A bezoar is persistent concretion of indigestible material trapped in the gastrointestinal system1. They can be composed of either organic or inorganic materials. It is important not to confuse a bezoar with a psudeobezoar, which is an indugestible object intentionally introduced into the digestive system3. This may be done for treatment reasons, or otherwise may be sself-inflictedby the patient.
Bezoars of the esophagus are common in younger children. Esophageal bezoars are also reported in patients who are ventilated and nasogastrically fed due to precipitation of certain food types rich in casein. These are caused by the regurgitation of casein rich reflux which forms an Esophageal bezoar.
Bezoars can form under a wide variety of circumstances, in a wide variety of people2. They generally form when indigestible materials collect in the gastrointestinal tract. This collection will grow into a large mass as more material is ingested, leading to obstruction of the GI tract. Bezoars are common on individuals suffering from eating disorders like Pika.

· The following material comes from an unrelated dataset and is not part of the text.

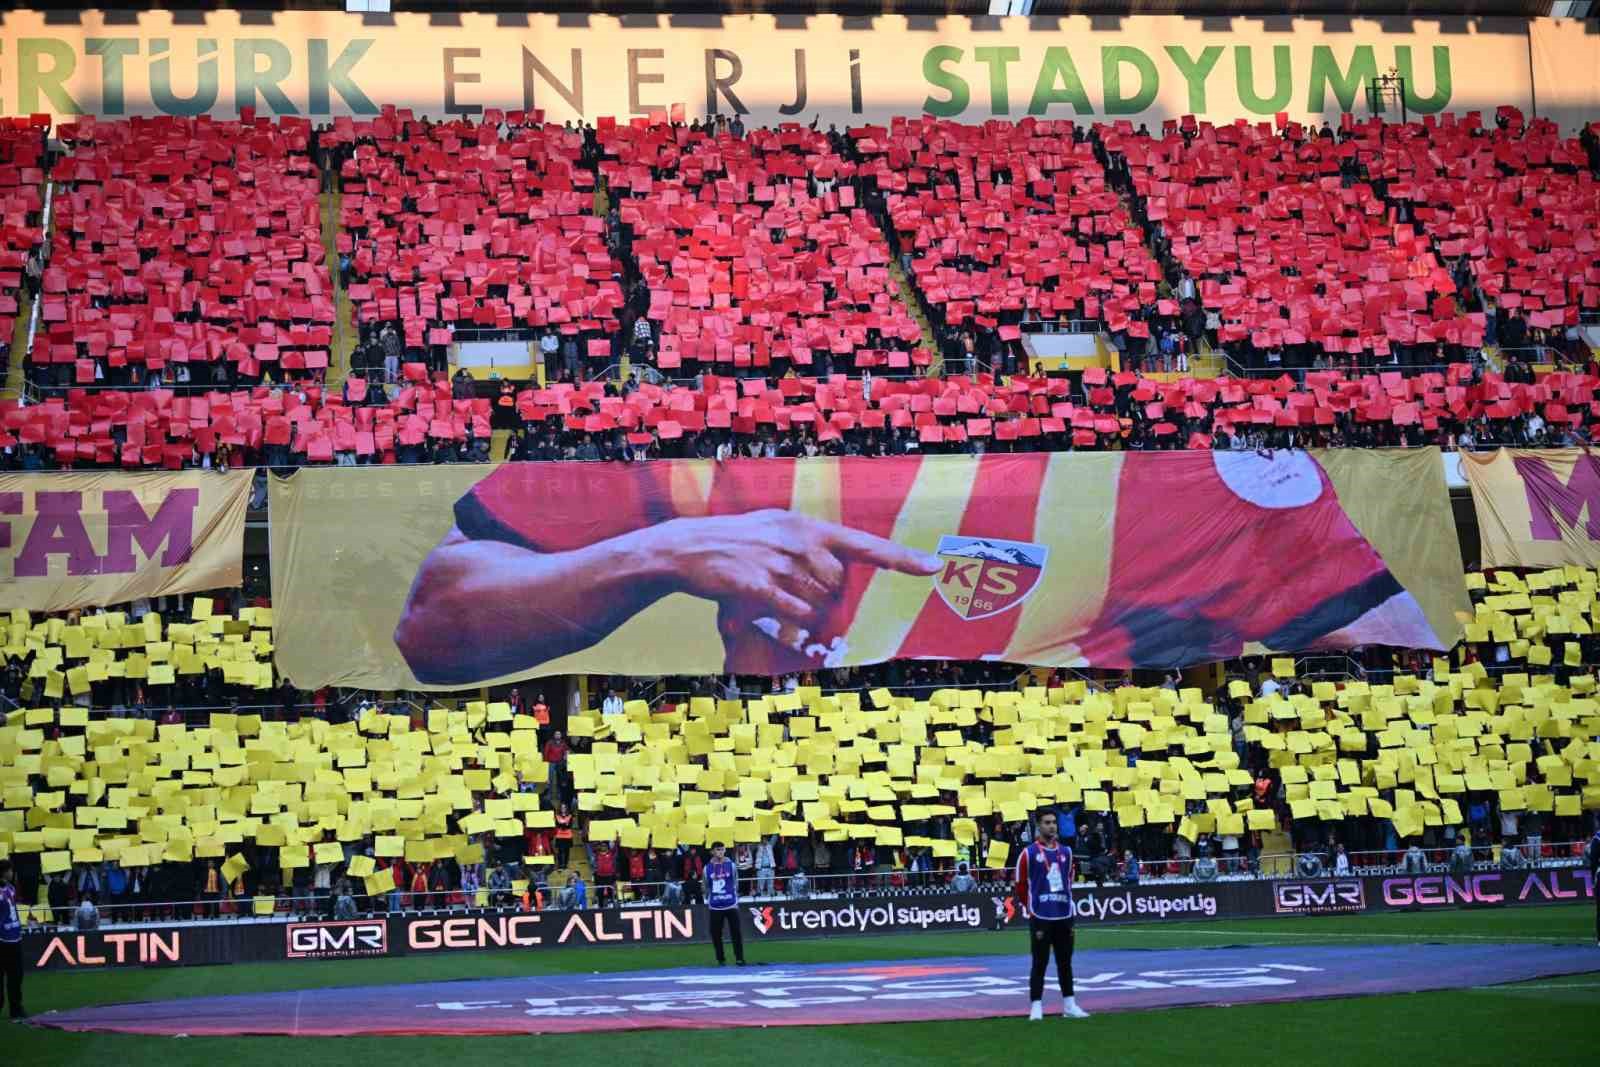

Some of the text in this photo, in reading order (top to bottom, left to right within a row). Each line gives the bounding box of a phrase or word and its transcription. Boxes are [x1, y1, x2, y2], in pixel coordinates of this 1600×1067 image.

Clinical treatment varies vastly depending on the type of bezoar. Surgical intervention is often needed to remove the bezoar and restore proper gastrointestinal function.
Phytobezoar – Contains plant material
Trichobezoar – Contains hair
Lactobezoars – Contain milk proteins
Dispyrobezoar – A type of phytobezoar caused by unripe persimmons.
Pharmacobezoar – contains medications or pills.
Bezoars are a common component of some traditional and alternative medicines, particularly chinese traditional medicine, where an ox or cow bezoar (or gall stone) are claimed to remove “toxins” from the body4.